All-solid-state batteries (ASSBs) are a rising alternative for boosting the volumetric energy density towards 500 Wh kg^-1 and are considered safer than conventional Li-ion batteries. However, Li-ion transport across the solid electrolyte (SE)/active materials (AMs) interfaces is limited by the parasitic (electro-)chemical side reactions and mechanical instability responsible for the impedance rise and lower electrochemical performance. The current research efforts in the Battery Materials and Diagnostics group (BMD) aim to shed light on the fundamental understanding of the interface chemo-mechanical processes of sulfide-based SEs and to mitigate interface resistivity alongside improved battery life cycle performance. BMD group is committed to address those challenges by the development of advanced in-situ and operando surface and bulk characterization methods using laboratory and synchrotron facility techniques at the Swiss Light Source (SLS). Therefore, we designed custom-made (i) electrochemical cells for accurate and reliable electrochemistry cycling of pellet-type ASSB materials, (ii) operando electrochemical cells for the various analytical methods and adapt/develop the synchrotron beamline end-stations to the requirements for ASSB studies. Furthermore, the BMD group dedicates large efforts to the interface engineering, with the purpose of mitigating the interface reactivities and improving cycling stability. 

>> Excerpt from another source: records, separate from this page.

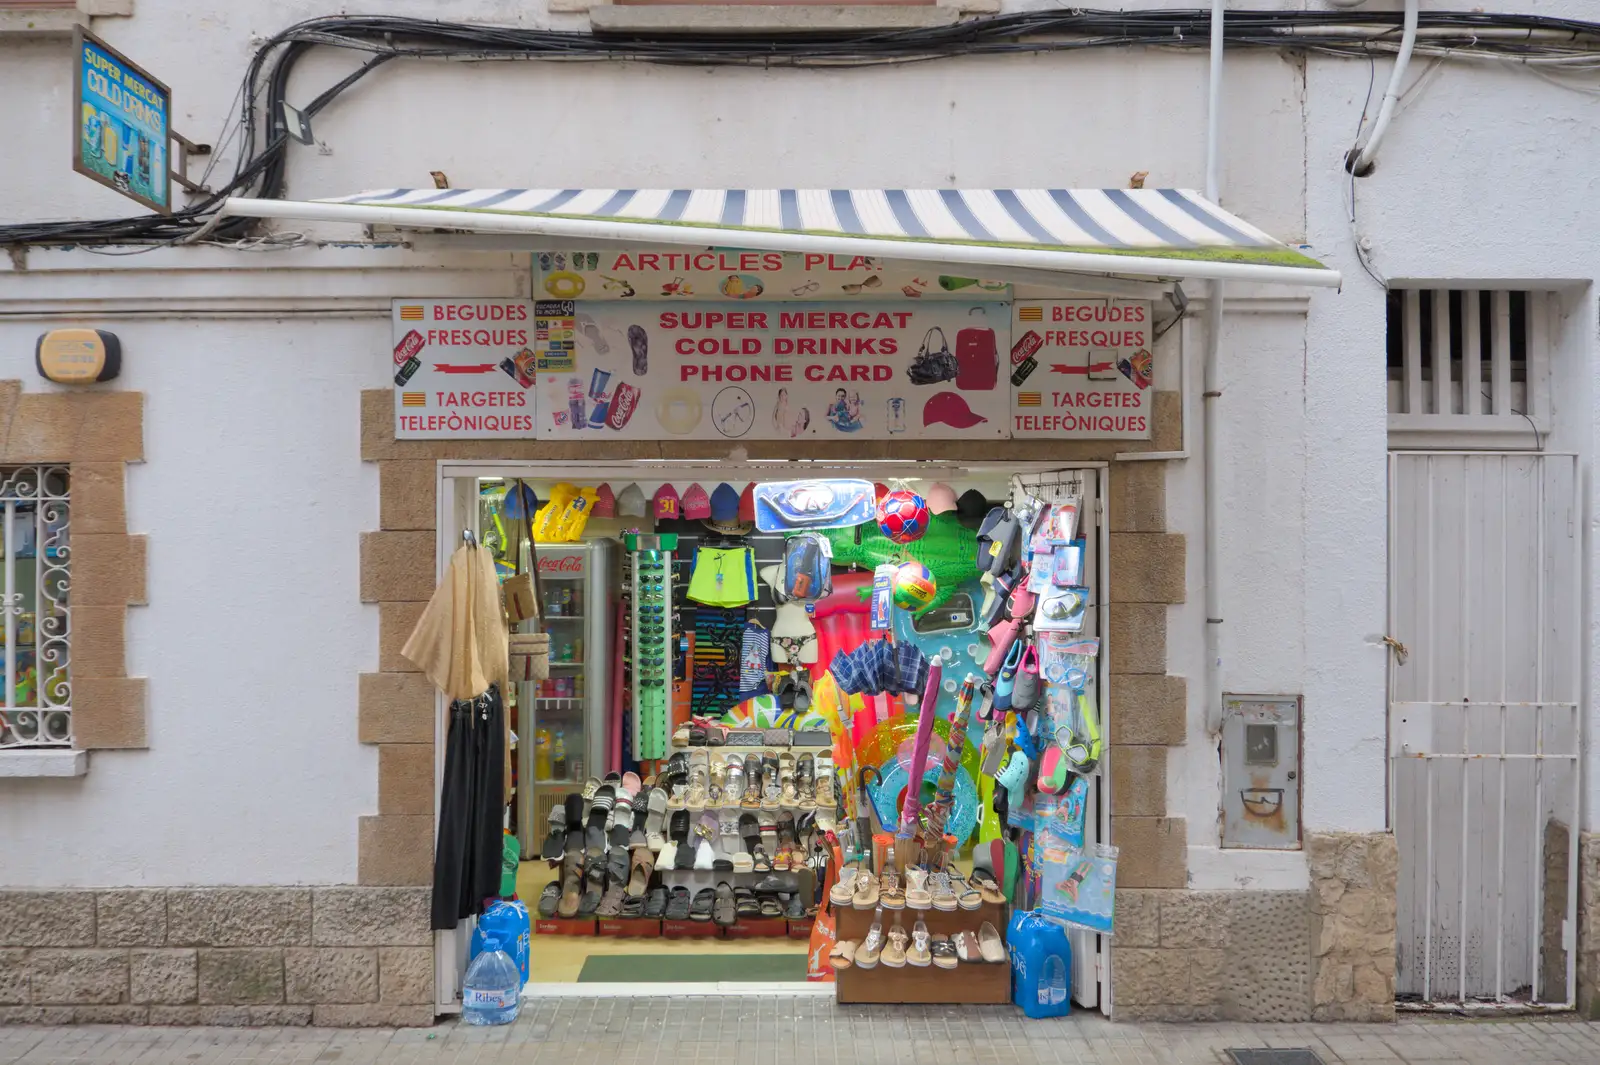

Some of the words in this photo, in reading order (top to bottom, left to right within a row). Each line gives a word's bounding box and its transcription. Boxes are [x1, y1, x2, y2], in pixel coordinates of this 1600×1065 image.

[85, 48, 121, 83] SUPER
[124, 73, 164, 111] MERCAT
[87, 70, 121, 106] COLD
[124, 92, 160, 132] DRINKS
[612, 253, 782, 272] ARTICLES
[433, 304, 527, 321] BEGUDES
[659, 311, 768, 330] SUPER
[779, 311, 913, 330] MERCAT
[1051, 305, 1145, 322] BEGUDES
[427, 329, 527, 346] FRESQUES
[675, 337, 762, 356] COLD
[773, 337, 899, 356] DRINKS
[1045, 329, 1145, 348] FRESQUES
[679, 364, 793, 383] PHONE
[804, 364, 893, 383] CARD
[437, 391, 526, 407] TARGETES
[1052, 391, 1141, 408] TARGETES
[400, 411, 532, 431] TELEFÒNIQUES
[1015, 412, 1146, 432] TELEFÒNIQUES
[475, 991, 502, 1003] Ribes

At first, we highlight, the development of different generations of custom-made ASSB cells (Figure a) which is the first crucial step to accurately evaluate and determine the electrochemical properties and cycling performances of ASSBs. Currently, we have the generation 2 (gen.2) cell, capable of functioning at very low stabilized pressures (80 MPa – 2 MPa). Additionally, with the improved O-ring compression system exceptional tightness of 10^-8 mbar·l s^-1 can be achieved. The gen.2 cell has been used successfully in metallic lithium applications to enable excellent electrochemical cycling outside the glovebox. 

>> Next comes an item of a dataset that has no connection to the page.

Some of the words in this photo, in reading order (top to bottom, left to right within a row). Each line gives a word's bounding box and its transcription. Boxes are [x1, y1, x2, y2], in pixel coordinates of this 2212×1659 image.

At second we highlight, the creation and development of a unique complementary in-situ/operando non-destructive surface and bulk characterization platform (Figure b) combining in-house X-ray photoelectron spectroscopy (XPS) and X-ray synchrotron techniques located at the SLS, employing X-ray absorption spectroscopy (XAS), X-ray photoemission electron microscopy (XPEEM) and X-ray tomographic microscopy (XTM). This state-of-the-art platform allows to study the surface, near surface and interface to understand the (electro-) chemical reactivity, charge carrier mobility as well as chemo-mechanical limitations between the SSE and different active materials (AMs). BMD has addressed the necessity of developing such advanced characterization at multiple scales of depth probing for both post-mortem and in-situ/operando studies. As an example, conventional laboratory XPS with high surface-sensitivity (~10 nm) is a powerful technique to study the chemical and electronic properties of materials. It is known to resolve the individual redox byproducts of the SEs and operando studies could correlate accurately the redox processes in ASSBs with their voltage dependency. In addition, operando XAS with its higher sensitivity towards transition metals (TMs) allows for a depth-profiling by following simultaneously signals evolving in real-time on the surface (~10 nm) and near-surface (~100s nm) of a composite working electrode, using total electron yield (TEY) and total fluorescence yield (TFY) detection modes, respectively. Furthermore, operando XPEEM is employed as a highly surface sensitive analytical technique capable of providing a unique combination of the nanoscale lateral resolution (~50 nm) and the spectroscopic capability of XAS, confined within a depth analysis range of 3 – 4 nm. Besides the utilization of synchrotron light for chemical surface and interface-oriented studies, the internal mechanical evolution like volume change and crack formation of the ASSBs is monitored by operando XTM allowing for a time-resolved 3D imaging of the ASSB interior during operation with sub-µm resolution. 

At third, we highlight, the surface and interface chemical engineering towards higher (electro-) chemical stability. BMD group is equipped with an ultra-high vacuum (UHV) cluster with a base pressure ~ 10^-9 mbar connected to the XPS spectrometer, employing Ar sputtering for surface treatment and depth profile analysis, RF sputtering for thin film deposition and electron gun evaporator for various metals or oxides thin film depositions. Such a unique setup offers a great variety of surface modifications (e.g., Li metal, current collector foils or pelletized SEs), with a direct in-situ XPS chemical analysis under vacuum. For thin coatings of powders with micron- to nanosized particles, wet-chemical methods (e.g., sol-gel) or gas-solid reactions with reactive gasses are more eligible.